_REQUIRED WORK_: The answer must restate every entry exactly as it appears.

[Collection entries]
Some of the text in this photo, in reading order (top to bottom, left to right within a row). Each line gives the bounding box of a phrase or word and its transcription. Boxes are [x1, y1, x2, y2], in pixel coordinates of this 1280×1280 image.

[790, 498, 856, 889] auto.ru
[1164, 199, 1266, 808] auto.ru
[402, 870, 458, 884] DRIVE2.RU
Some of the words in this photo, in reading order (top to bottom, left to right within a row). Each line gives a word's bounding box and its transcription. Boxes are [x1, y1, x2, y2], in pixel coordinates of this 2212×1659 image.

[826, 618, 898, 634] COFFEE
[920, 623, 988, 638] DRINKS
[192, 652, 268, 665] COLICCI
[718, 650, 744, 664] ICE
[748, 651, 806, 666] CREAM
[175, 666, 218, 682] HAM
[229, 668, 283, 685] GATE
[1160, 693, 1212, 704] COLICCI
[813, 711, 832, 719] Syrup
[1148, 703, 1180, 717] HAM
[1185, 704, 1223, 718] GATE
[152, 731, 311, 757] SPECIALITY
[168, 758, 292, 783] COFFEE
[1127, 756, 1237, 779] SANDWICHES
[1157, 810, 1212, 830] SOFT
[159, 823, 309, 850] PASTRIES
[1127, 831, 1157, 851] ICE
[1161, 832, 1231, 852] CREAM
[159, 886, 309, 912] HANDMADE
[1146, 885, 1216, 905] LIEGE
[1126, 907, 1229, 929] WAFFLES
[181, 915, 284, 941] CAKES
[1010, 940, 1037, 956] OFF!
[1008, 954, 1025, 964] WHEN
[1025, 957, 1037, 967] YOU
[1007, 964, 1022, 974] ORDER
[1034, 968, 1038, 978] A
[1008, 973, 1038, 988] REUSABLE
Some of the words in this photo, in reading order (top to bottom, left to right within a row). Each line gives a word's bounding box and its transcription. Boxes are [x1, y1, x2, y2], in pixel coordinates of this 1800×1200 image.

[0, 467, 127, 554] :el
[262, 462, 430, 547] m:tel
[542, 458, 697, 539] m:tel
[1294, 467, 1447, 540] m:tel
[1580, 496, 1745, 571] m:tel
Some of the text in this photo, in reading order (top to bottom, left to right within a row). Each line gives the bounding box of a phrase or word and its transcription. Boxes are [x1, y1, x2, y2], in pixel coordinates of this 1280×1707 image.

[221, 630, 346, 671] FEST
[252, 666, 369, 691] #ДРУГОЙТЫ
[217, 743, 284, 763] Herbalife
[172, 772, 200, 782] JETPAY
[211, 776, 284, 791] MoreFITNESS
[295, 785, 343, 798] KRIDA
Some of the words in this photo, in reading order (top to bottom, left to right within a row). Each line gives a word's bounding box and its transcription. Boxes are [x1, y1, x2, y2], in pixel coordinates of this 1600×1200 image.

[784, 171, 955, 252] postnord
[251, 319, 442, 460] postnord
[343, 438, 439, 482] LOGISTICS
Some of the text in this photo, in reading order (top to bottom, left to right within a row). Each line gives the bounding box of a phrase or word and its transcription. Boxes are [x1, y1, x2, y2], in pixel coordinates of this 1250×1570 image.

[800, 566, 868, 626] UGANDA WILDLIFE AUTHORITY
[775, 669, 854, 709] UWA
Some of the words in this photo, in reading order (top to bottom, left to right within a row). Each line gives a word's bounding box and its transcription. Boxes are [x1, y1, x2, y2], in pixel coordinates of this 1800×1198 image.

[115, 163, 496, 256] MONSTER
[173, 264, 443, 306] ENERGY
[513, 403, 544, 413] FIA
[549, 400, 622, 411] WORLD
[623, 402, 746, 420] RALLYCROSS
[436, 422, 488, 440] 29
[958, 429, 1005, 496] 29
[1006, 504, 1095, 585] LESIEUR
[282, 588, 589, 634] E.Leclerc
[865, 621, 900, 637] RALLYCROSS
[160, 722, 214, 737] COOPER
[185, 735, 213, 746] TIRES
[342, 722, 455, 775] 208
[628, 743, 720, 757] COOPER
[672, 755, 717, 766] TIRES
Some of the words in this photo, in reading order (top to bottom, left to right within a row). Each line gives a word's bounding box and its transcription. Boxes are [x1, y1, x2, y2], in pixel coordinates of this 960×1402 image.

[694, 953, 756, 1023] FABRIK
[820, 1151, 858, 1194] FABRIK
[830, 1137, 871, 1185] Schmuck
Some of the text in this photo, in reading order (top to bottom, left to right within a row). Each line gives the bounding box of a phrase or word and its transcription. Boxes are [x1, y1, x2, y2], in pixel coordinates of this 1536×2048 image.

_EXERCISE SOLUTION_:
Some of the text in this photo, in reading order (top to bottom, left to right within a row). Each line gives the bounding box of a phrase or word and its transcription. Boxes are [x1, y1, x2, y2], in pixel coordinates of this 1280×1280 image.

[790, 498, 856, 889] auto.ru
[1164, 199, 1266, 808] auto.ru
[402, 870, 458, 884] DRIVE2.RU
Some of the words in this photo, in reading order (top to bottom, left to right within a row). Each line gives a word's bounding box and its transcription. Boxes are [x1, y1, x2, y2], in pixel coordinates of this 2212×1659 image.

[826, 618, 898, 634] COFFEE
[920, 623, 988, 638] DRINKS
[192, 652, 268, 665] COLICCI
[718, 650, 744, 664] ICE
[748, 651, 806, 666] CREAM
[175, 666, 218, 682] HAM
[229, 668, 283, 685] GATE
[1160, 693, 1212, 704] COLICCI
[813, 711, 832, 719] Syrup
[1148, 703, 1180, 717] HAM
[1185, 704, 1223, 718] GATE
[152, 731, 311, 757] SPECIALITY
[168, 758, 292, 783] COFFEE
[1127, 756, 1237, 779] SANDWICHES
[1157, 810, 1212, 830] SOFT
[159, 823, 309, 850] PASTRIES
[1127, 831, 1157, 851] ICE
[1161, 832, 1231, 852] CREAM
[159, 886, 309, 912] HANDMADE
[1146, 885, 1216, 905] LIEGE
[1126, 907, 1229, 929] WAFFLES
[181, 915, 284, 941] CAKES
[1010, 940, 1037, 956] OFF!
[1008, 954, 1025, 964] WHEN
[1025, 957, 1037, 967] YOU
[1007, 964, 1022, 974] ORDER
[1034, 968, 1038, 978] A
[1008, 973, 1038, 988] REUSABLE
Some of the words in this photo, in reading order (top to bottom, left to right within a row). Each line gives a word's bounding box and its transcription. Boxes are [x1, y1, x2, y2], in pixel coordinates of this 1800×1200 image.

[0, 467, 127, 554] :el
[262, 462, 430, 547] m:tel
[542, 458, 697, 539] m:tel
[1294, 467, 1447, 540] m:tel
[1580, 496, 1745, 571] m:tel
Some of the text in this photo, in reading order (top to bottom, left to right within a row). Each line gives the bounding box of a phrase or word and its transcription. Boxes are [x1, y1, x2, y2], in pixel coordinates of this 1280×1707 image.

[221, 630, 346, 671] FEST
[252, 666, 369, 691] #ДРУГОЙТЫ
[217, 743, 284, 763] Herbalife
[172, 772, 200, 782] JETPAY
[211, 776, 284, 791] MoreFITNESS
[295, 785, 343, 798] KRIDA
Some of the words in this photo, in reading order (top to bottom, left to right within a row). Each line gives a word's bounding box and its transcription. Boxes are [x1, y1, x2, y2], in pixel coordinates of this 1600×1200 image.

[784, 171, 955, 252] postnord
[251, 319, 442, 460] postnord
[343, 438, 439, 482] LOGISTICS
Some of the text in this photo, in reading order (top to bottom, left to right within a row). Each line gives the bounding box of a phrase or word and its transcription. Boxes are [x1, y1, x2, y2], in pixel coordinates of this 1250×1570 image.

[800, 566, 868, 626] UGANDA WILDLIFE AUTHORITY
[775, 669, 854, 709] UWA
Some of the words in this photo, in reading order (top to bottom, left to right within a row). Each line gives a word's bounding box and its transcription. Boxes are [x1, y1, x2, y2], in pixel coordinates of this 1800×1198 image.

[115, 163, 496, 256] MONSTER
[173, 264, 443, 306] ENERGY
[513, 403, 544, 413] FIA
[549, 400, 622, 411] WORLD
[623, 402, 746, 420] RALLYCROSS
[436, 422, 488, 440] 29
[958, 429, 1005, 496] 29
[1006, 504, 1095, 585] LESIEUR
[282, 588, 589, 634] E.Leclerc
[865, 621, 900, 637] RALLYCROSS
[160, 722, 214, 737] COOPER
[185, 735, 213, 746] TIRES
[342, 722, 455, 775] 208
[628, 743, 720, 757] COOPER
[672, 755, 717, 766] TIRES
Some of the words in this photo, in reading order (top to bottom, left to right within a row). Each line gives a word's bounding box and its transcription. Boxes are [x1, y1, x2, y2], in pixel coordinates of this 960×1402 image.

[694, 953, 756, 1023] FABRIK
[820, 1151, 858, 1194] FABRIK
[830, 1137, 871, 1185] Schmuck
Some of the text in this photo, in reading order (top to bottom, left to right within a row). Each line gives the bounding box of a phrase or word and its transcription. Boxes are [x1, y1, x2, y2], in pixel coordinates of this 1536×2048 image.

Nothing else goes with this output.